# Pros And Cons Of Topbar Hives........



## Hee Haw (Mar 23, 2006)

The earlier post of interest on top bar hives made me wonder the pros and cons of top bar hives.Here is afew links that list more info.with pictures and list pros and cons of topbar hive beekeeping. If you find other interesting links,you may want to add them to this post. It is more detailed than I thought,I find it interesting,but the less honey part was not to selling,but you can defently see the bees more up close and personal,and no more heavy lifting of brood hives on reverals.Nearly impossiable to move hive,with no wire support in the foundation frames. What you think?

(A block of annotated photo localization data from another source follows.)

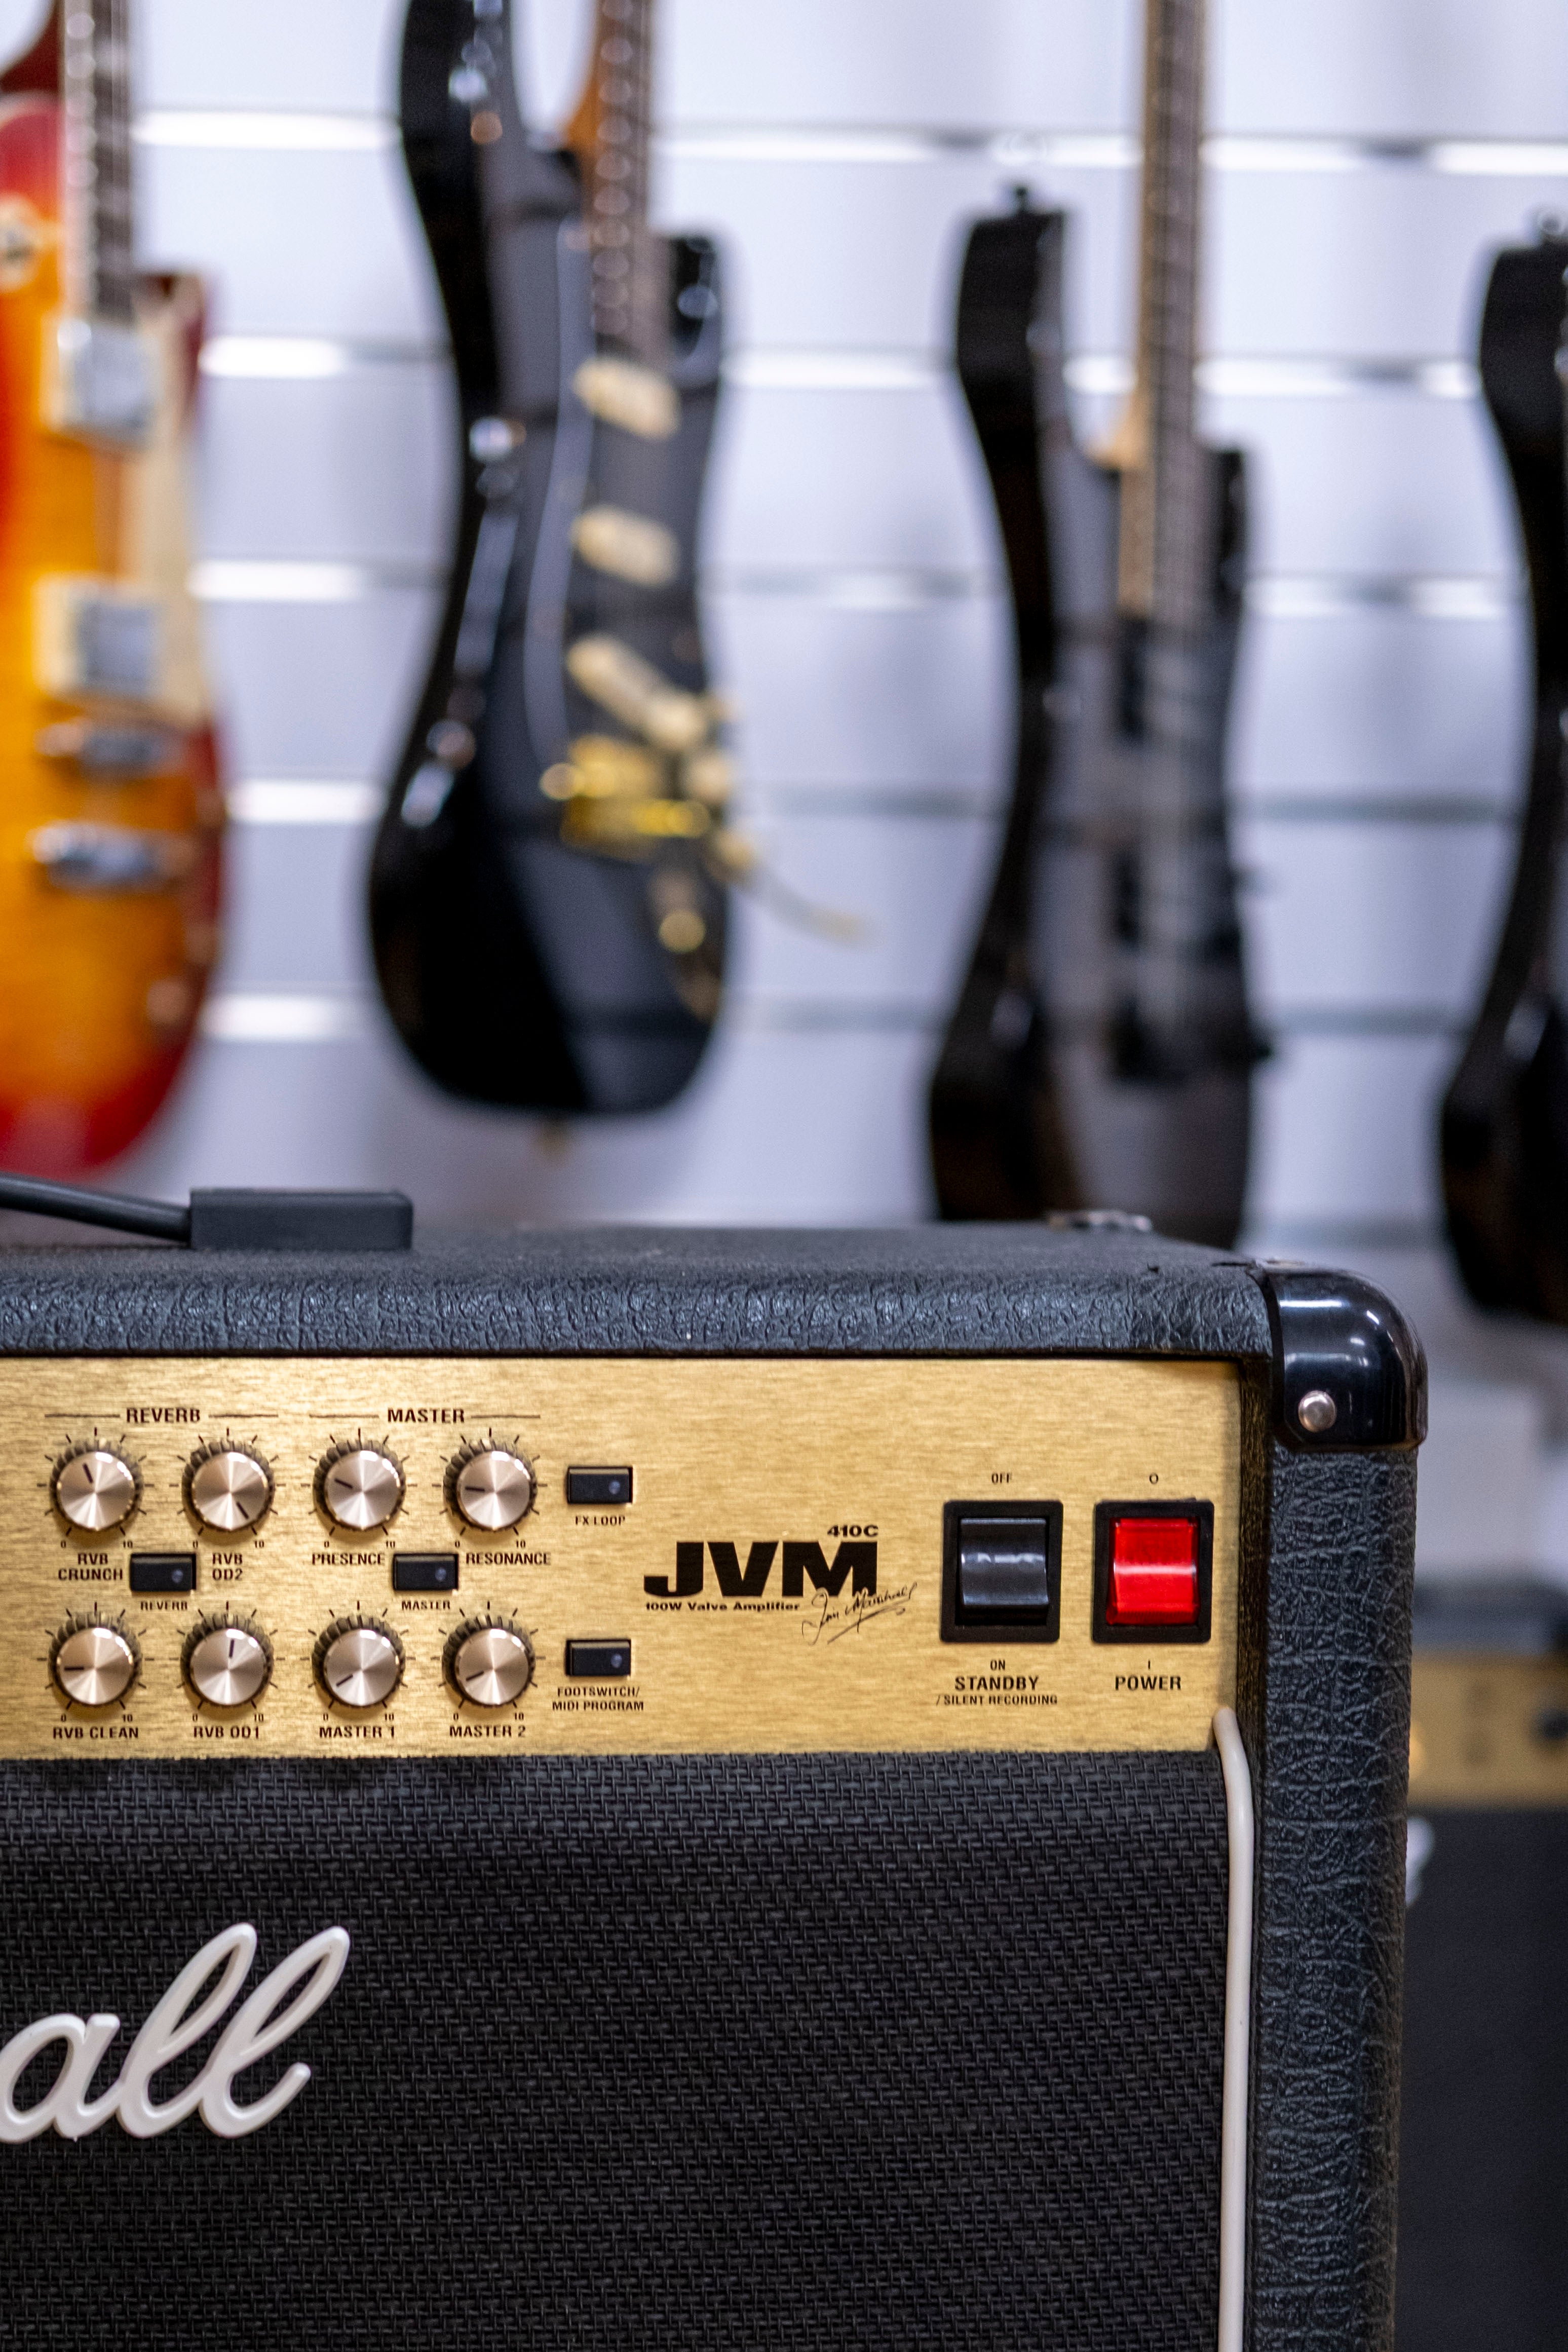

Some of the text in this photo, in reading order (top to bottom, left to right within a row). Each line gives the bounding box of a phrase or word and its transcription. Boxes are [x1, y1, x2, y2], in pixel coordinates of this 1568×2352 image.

[126, 1407, 200, 1424] REVERB
[388, 1408, 465, 1424] MASTER
[991, 1472, 1012, 1484] OFF
[575, 1515, 626, 1526] FX LOOP
[827, 1524, 878, 1537] 410C
[123, 1540, 133, 1549] 10
[254, 1540, 264, 1549] 10
[386, 1540, 396, 1549] 10
[516, 1540, 526, 1548] 10
[78, 1551, 108, 1565] RVB
[212, 1552, 243, 1565] RVB
[312, 1552, 386, 1566] PRESENCE
[466, 1552, 551, 1566] RESONANCE
[58, 1568, 123, 1581] CRUNCH
[212, 1568, 243, 1581] OD2
[644, 1541, 877, 1598] JVM
[140, 1600, 187, 1611] REVERB
[401, 1600, 450, 1611] MASTER
[646, 1602, 800, 1613] 100W Valve Amplifier
[990, 1659, 1006, 1671] ON
[954, 1676, 1039, 1691] STANDBY
[1115, 1675, 1181, 1691] POWER
[552, 1700, 644, 1711] MIDI PROGRAM
[944, 1694, 986, 1705] SILENT
[988, 1695, 1057, 1705] RECORDING
[122, 1714, 133, 1722] 10
[254, 1714, 264, 1723] 10
[384, 1713, 395, 1721] 10
[514, 1712, 524, 1721] 10
[53, 1726, 138, 1739] RVB CLEAN
[194, 1725, 260, 1739] RVB OD1
[319, 1724, 395, 1738] MASTER 1
[449, 1725, 526, 1738] MASTER 2
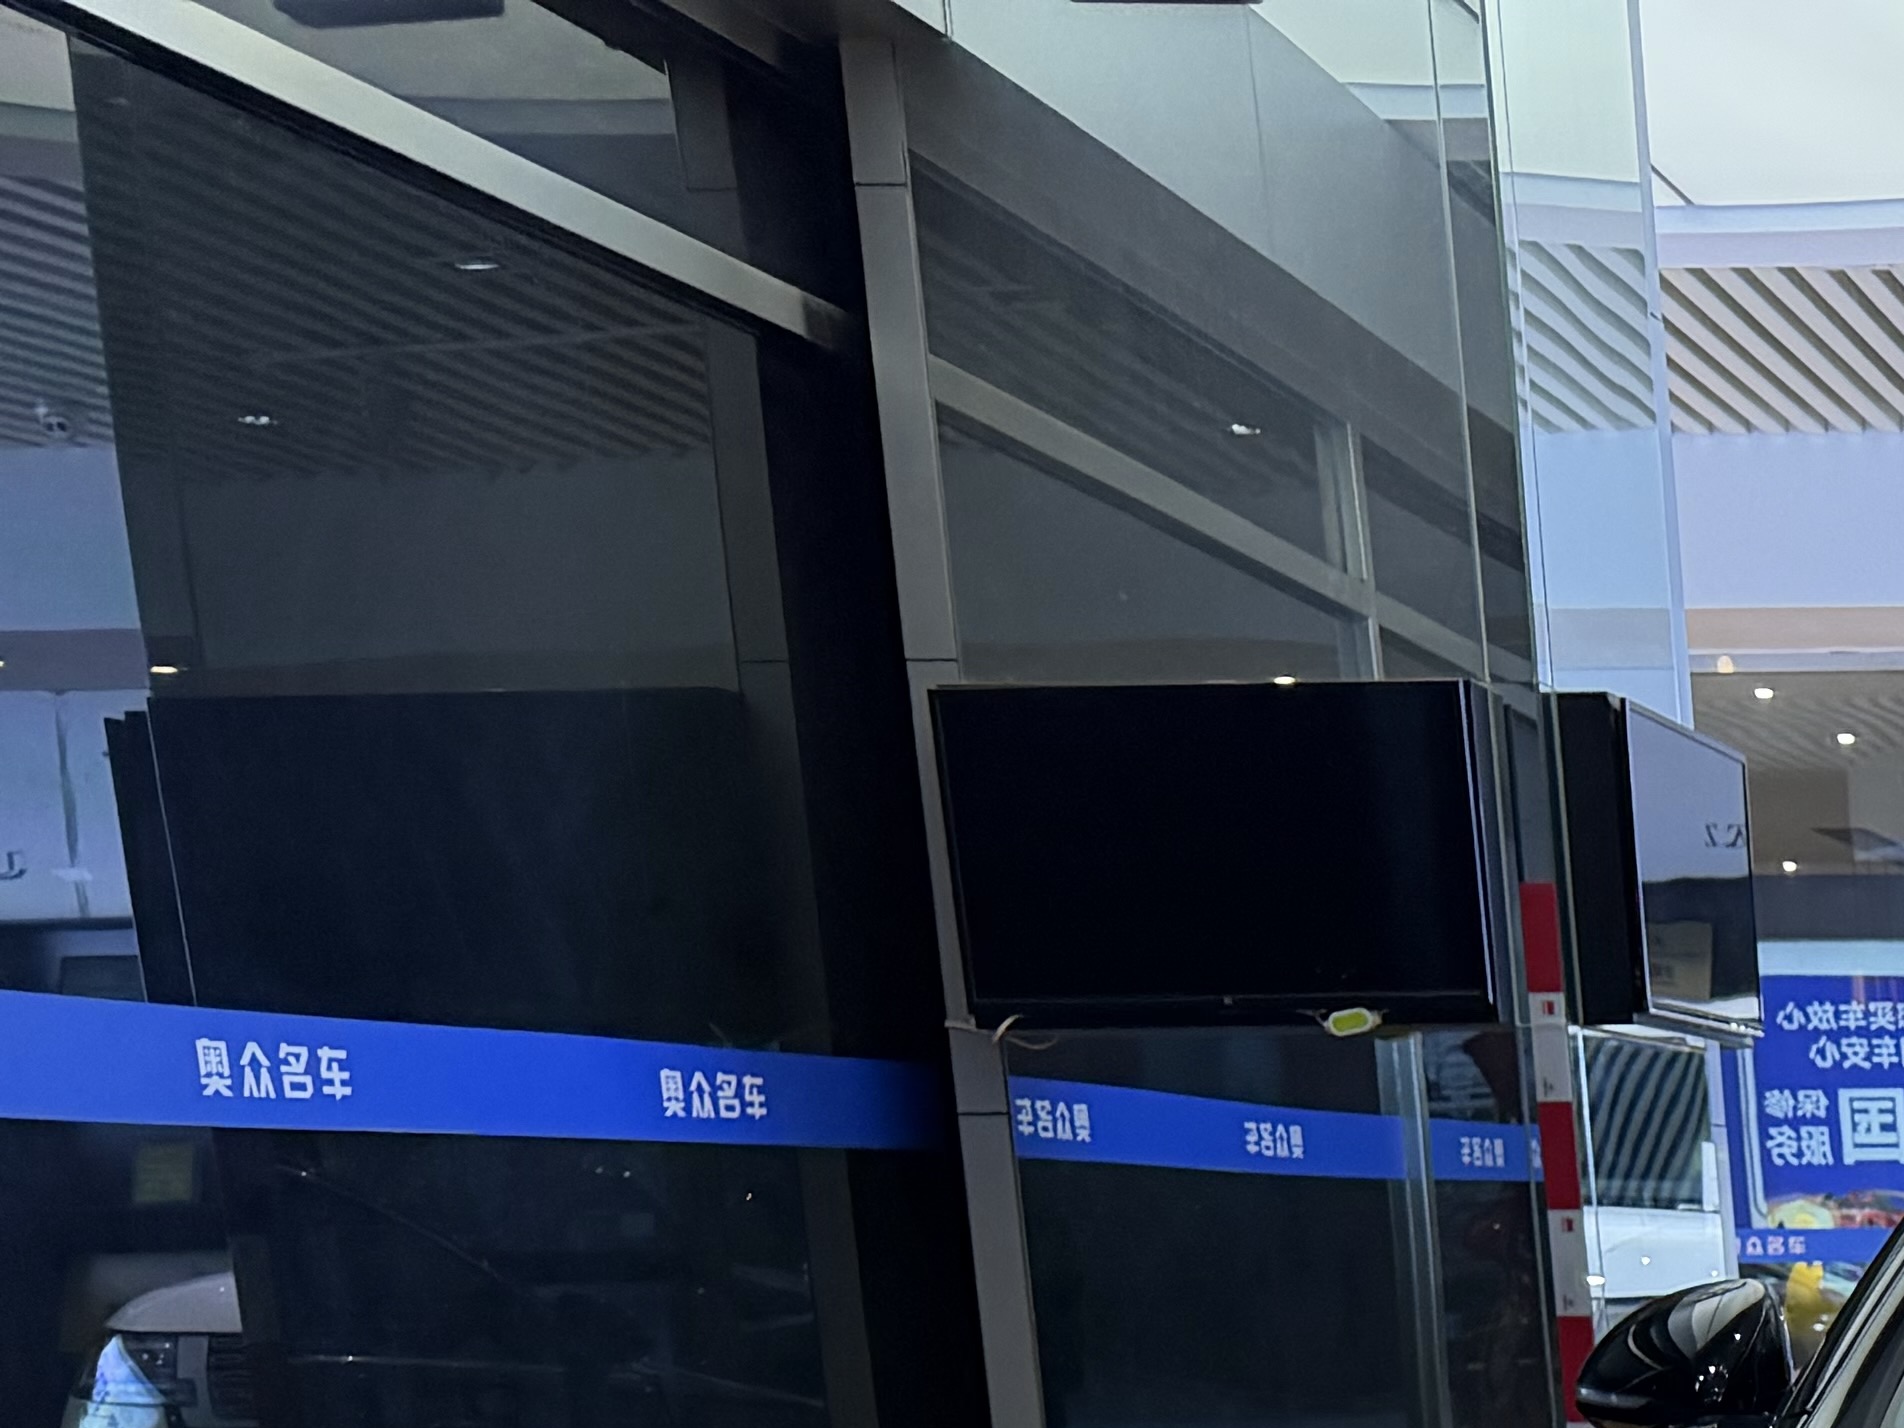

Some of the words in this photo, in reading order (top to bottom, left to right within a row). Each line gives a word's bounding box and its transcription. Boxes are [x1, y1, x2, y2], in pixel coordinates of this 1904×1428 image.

[195, 1037, 352, 1101] 奥众名车
[659, 1067, 768, 1120] 奥众名车
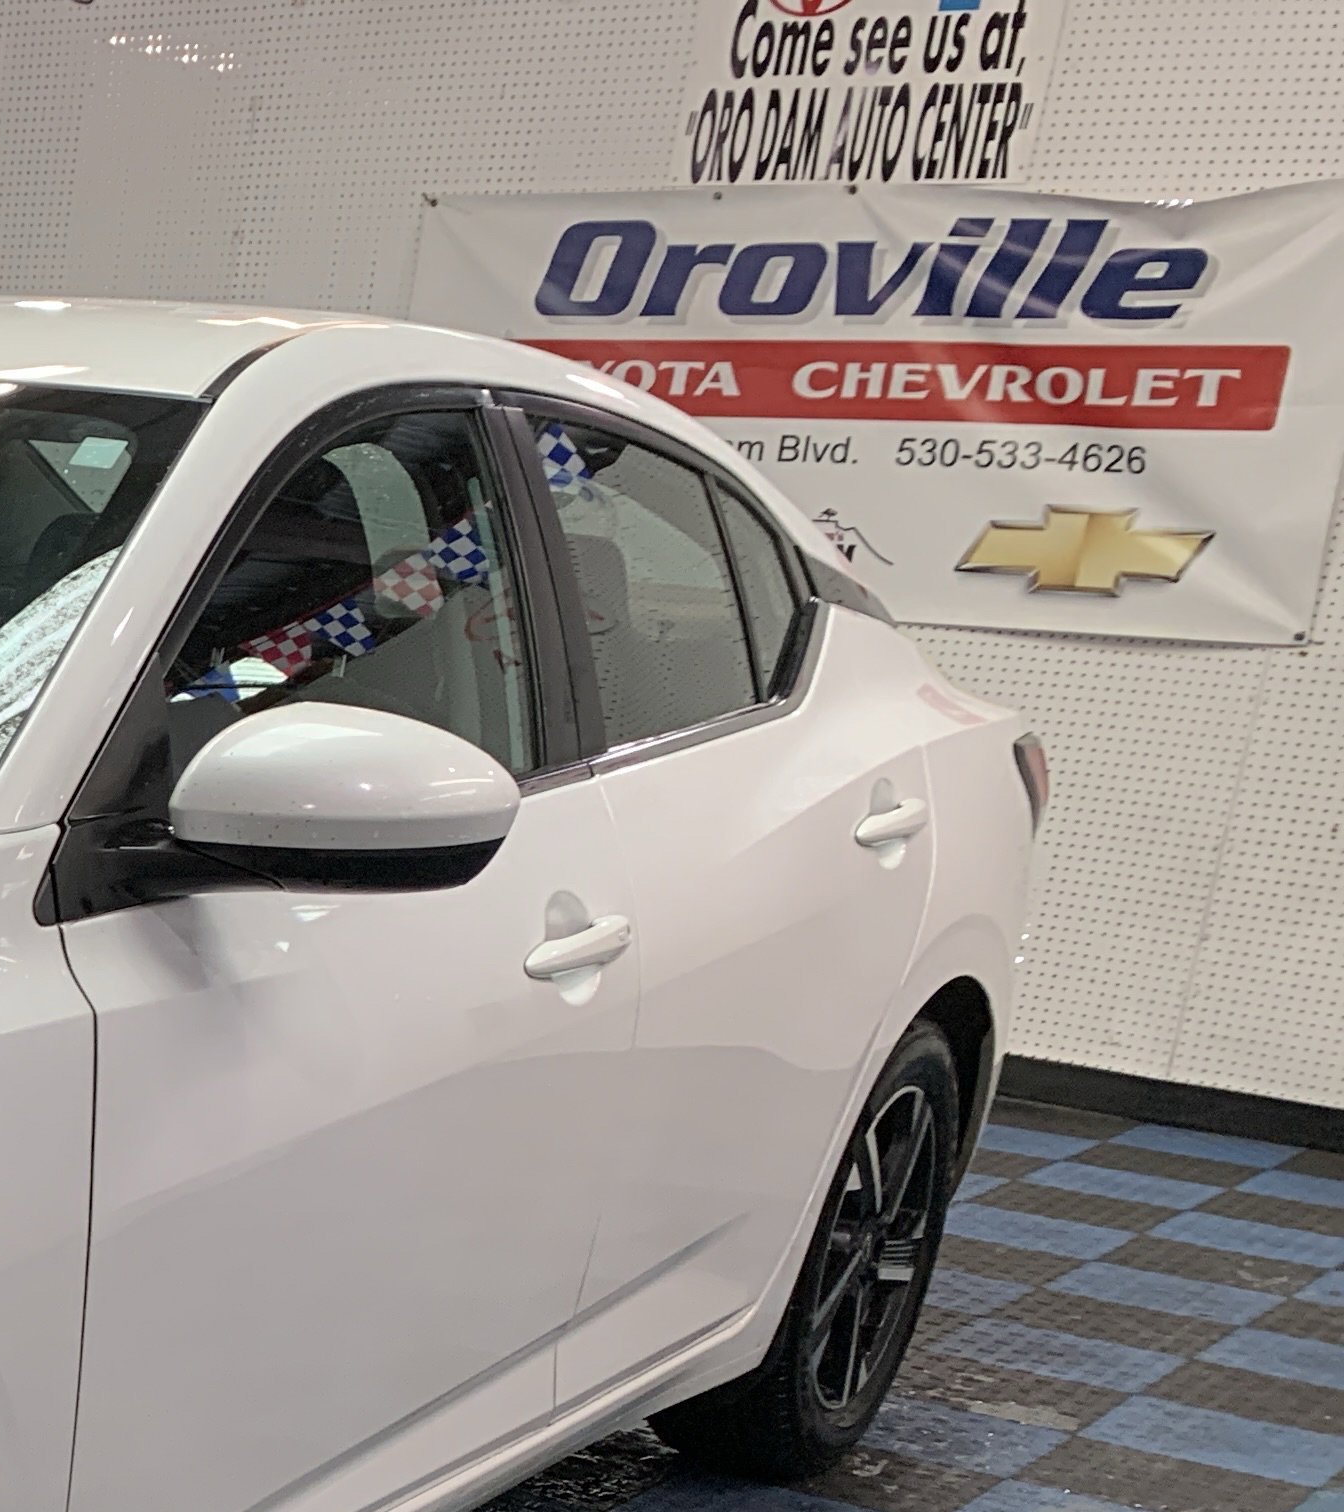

http://outdoorplace.org/beekeeping/kenya.htm

www.beesource.com/eob/althive/tromp/index.htm

http://www2.gsu.edu/~biojdsx/main.htm


----------



## alleyyooper (Apr 22, 2005)

All the honey harvest has to bee cut comb or crush the comb, making the girls always build new comb.

 Al


----------



## Hovey Hollow (Apr 25, 2005)

My reasons for wanting to go with a top bar hive:

1. less expensive--easy to build yourself. I probably have most of the lumber I need laying around the barn

2. Simple--reading about all the parts of a Langstroth hive makes my head spin!!! 

3. Educational--from what I understand so far (I'm still in the information gathering stage) it is more important to understand bee biology to be able to work these hives. The model I am building has an observation window. 

4. Easier to work. Since you are not dismantling the hive to collect honey you don't disturb the bees as much. Many TBH keepers do not use gloves, bee suites, etc. Just move slow and easy. The comb is more fragile because it isn't framed in which makes you work slower, but then you also are less likely to disturb and stress your bees. 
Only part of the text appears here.